Stored dataset items:
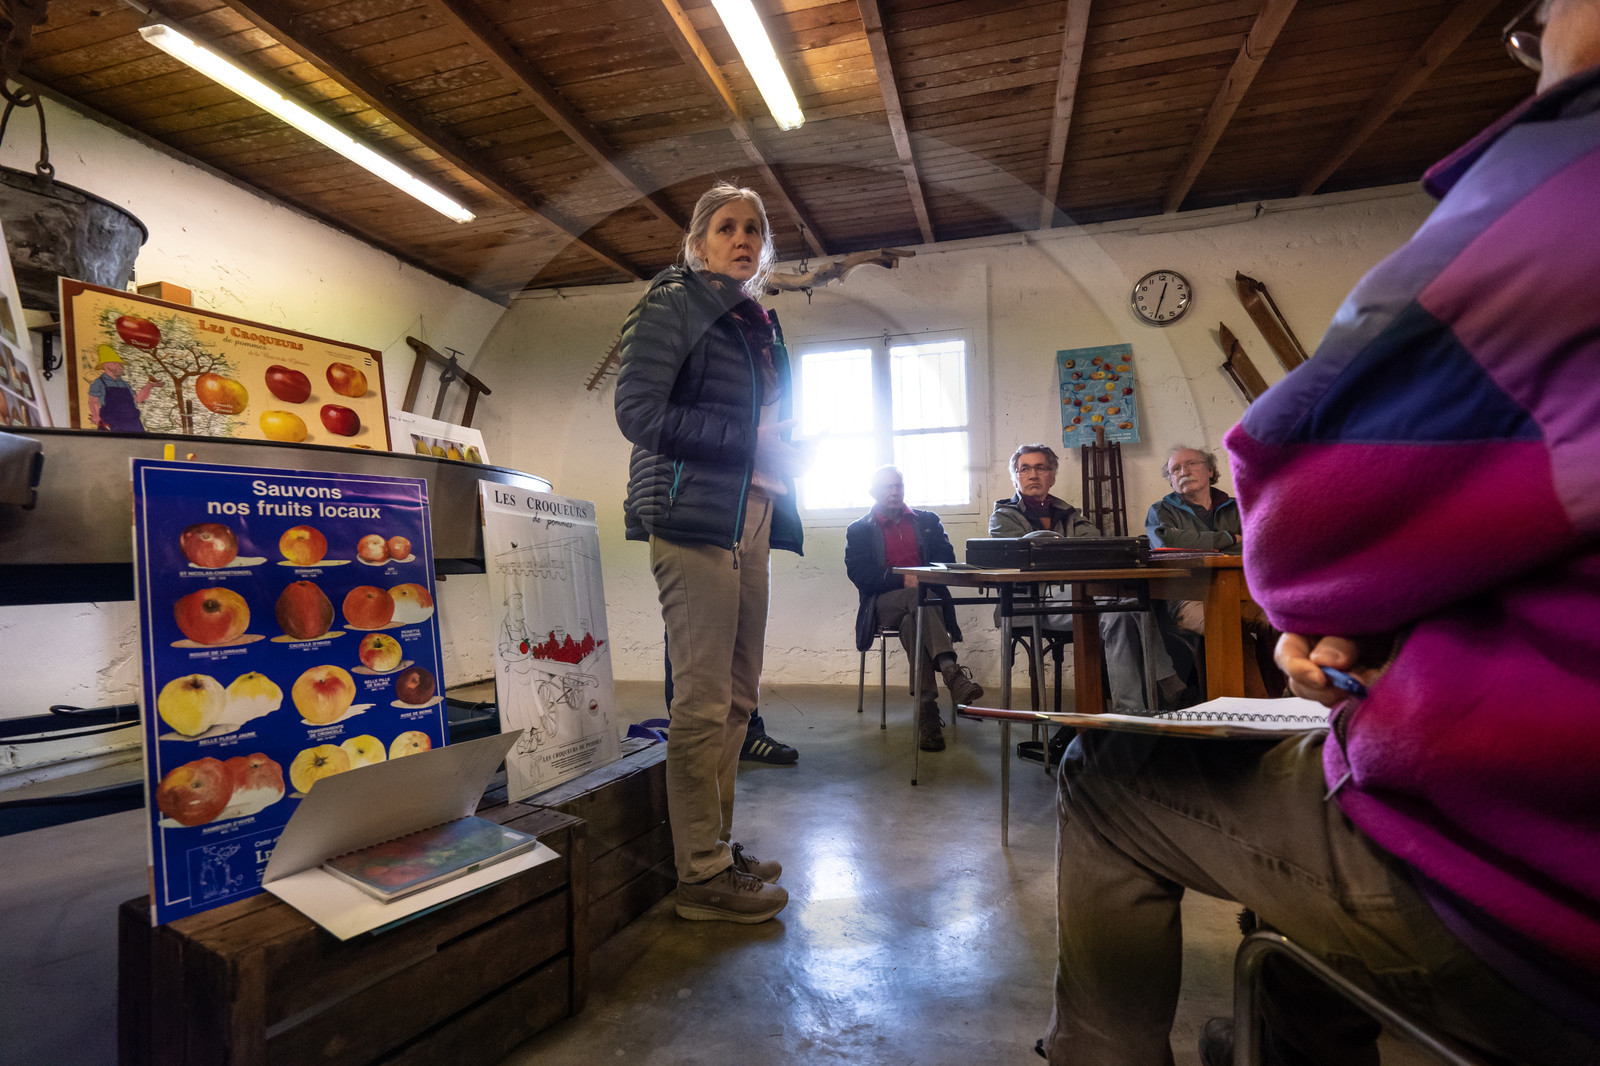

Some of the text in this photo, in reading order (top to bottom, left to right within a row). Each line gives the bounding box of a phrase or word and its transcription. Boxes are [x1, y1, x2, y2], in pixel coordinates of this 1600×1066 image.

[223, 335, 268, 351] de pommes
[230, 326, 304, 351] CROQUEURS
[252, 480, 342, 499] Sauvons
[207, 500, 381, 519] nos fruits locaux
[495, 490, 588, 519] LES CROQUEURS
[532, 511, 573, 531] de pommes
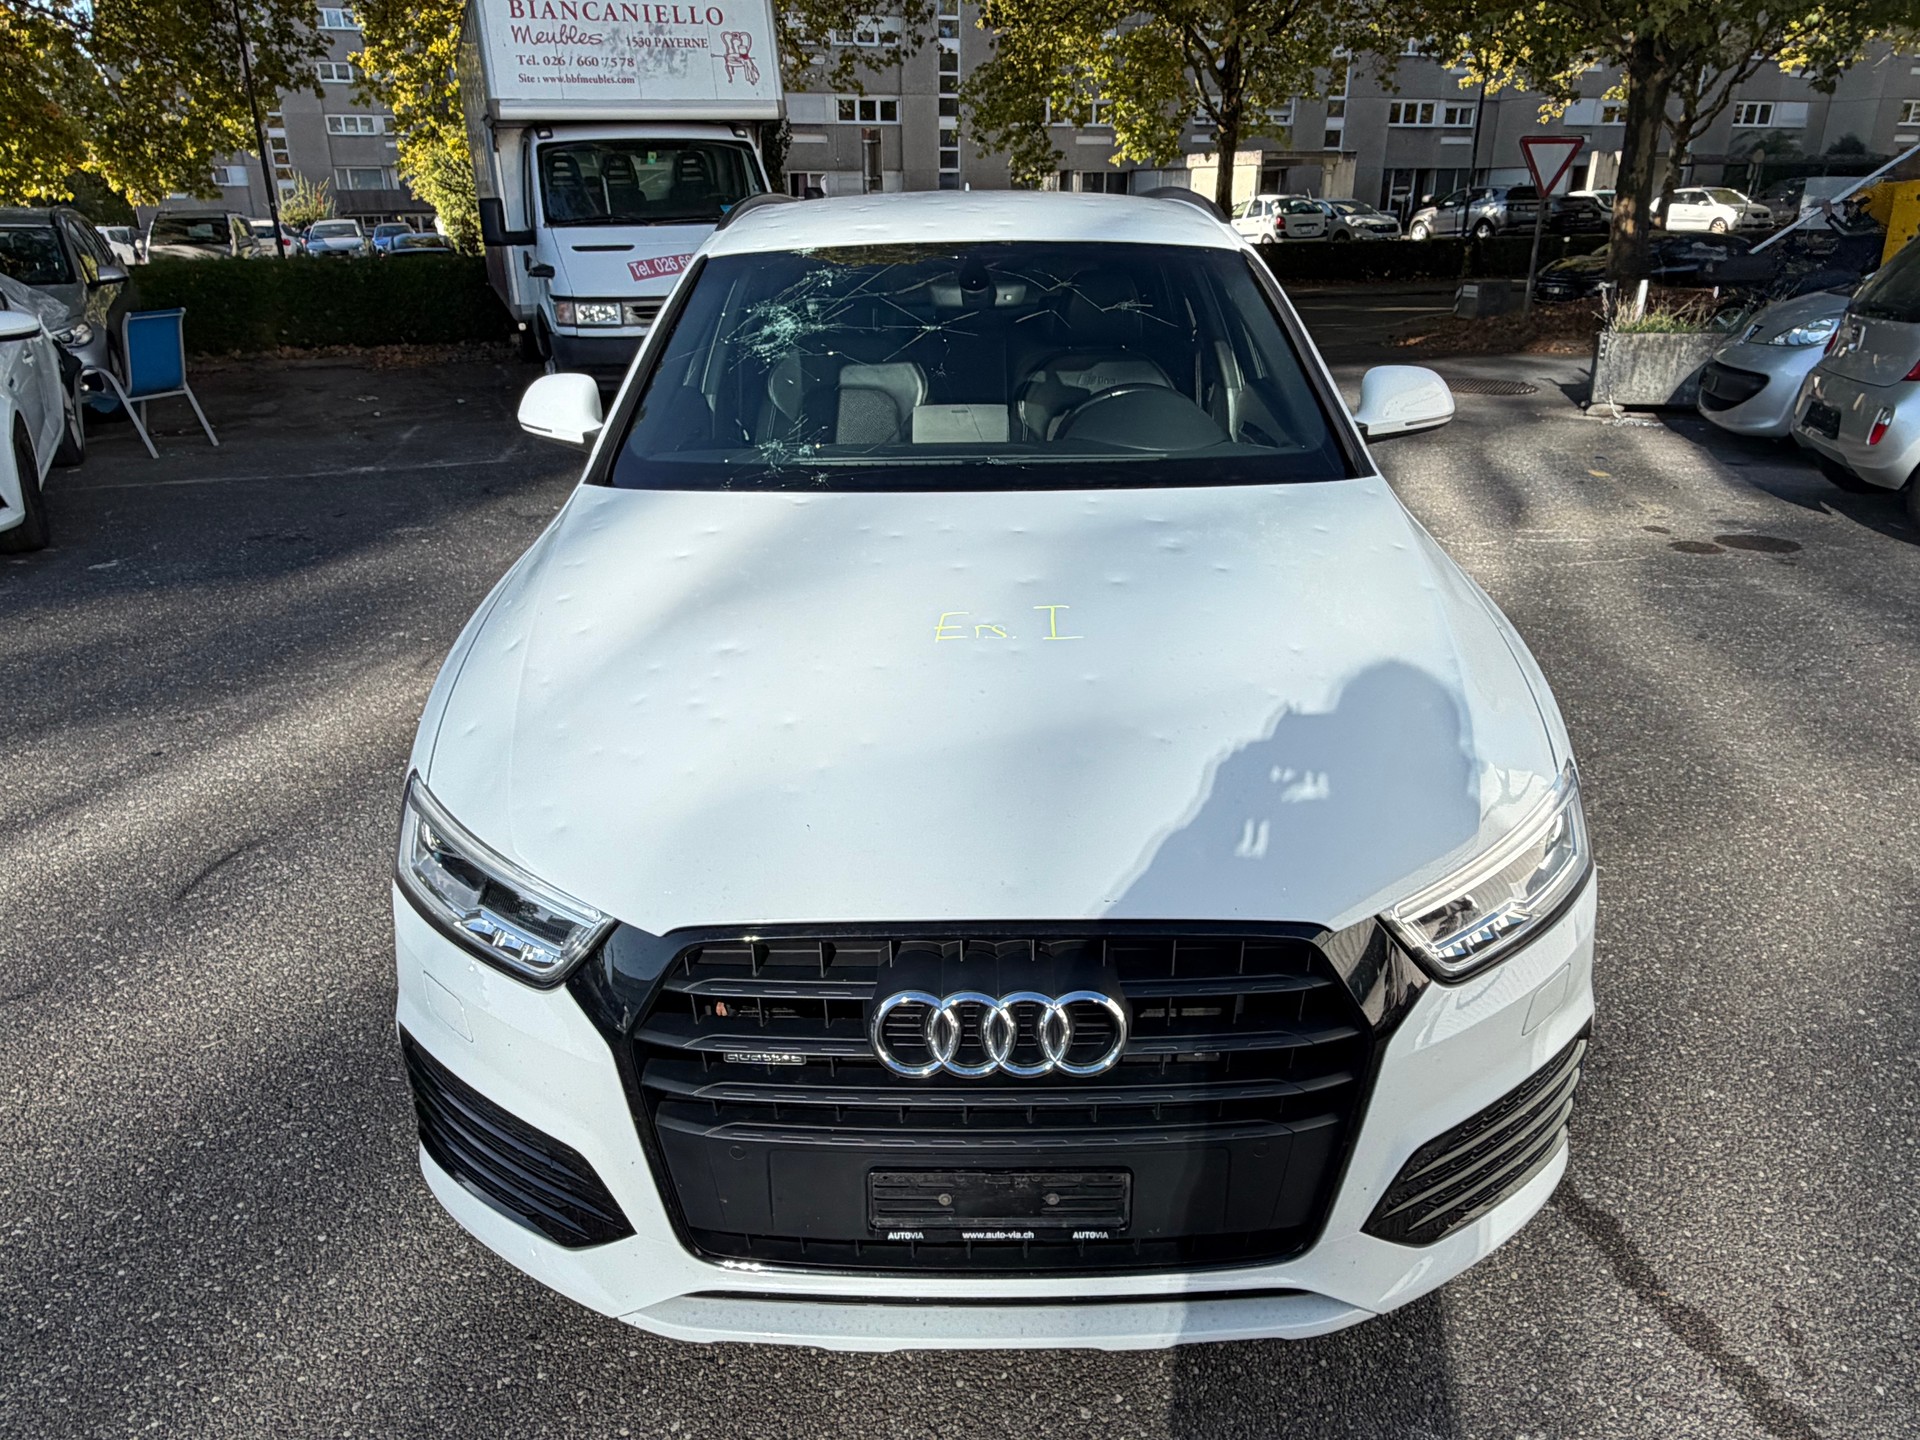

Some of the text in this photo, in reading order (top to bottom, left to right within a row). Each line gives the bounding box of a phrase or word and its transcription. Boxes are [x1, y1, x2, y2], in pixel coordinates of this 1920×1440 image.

### Activity
Print every entry above again, exactly as written. Leave the images out.

### Result for this exercise
Some of the text in this photo, in reading order (top to bottom, left to right within a row). Each line gives the bounding box of a phrase or word and its transcription. Boxes are [x1, y1, x2, y2], in pixel coordinates of this 1600×1066 image.

[223, 335, 268, 351] de pommes
[230, 326, 304, 351] CROQUEURS
[252, 480, 342, 499] Sauvons
[207, 500, 381, 519] nos fruits locaux
[495, 490, 588, 519] LES CROQUEURS
[532, 511, 573, 531] de pommes

Some of the text in this photo, in reading order (top to bottom, left to right within a row). Each line gives the bounding box of a phrase or word and its transcription. Boxes are [x1, y1, x2, y2], in pixel coordinates of this 1920×1440 image.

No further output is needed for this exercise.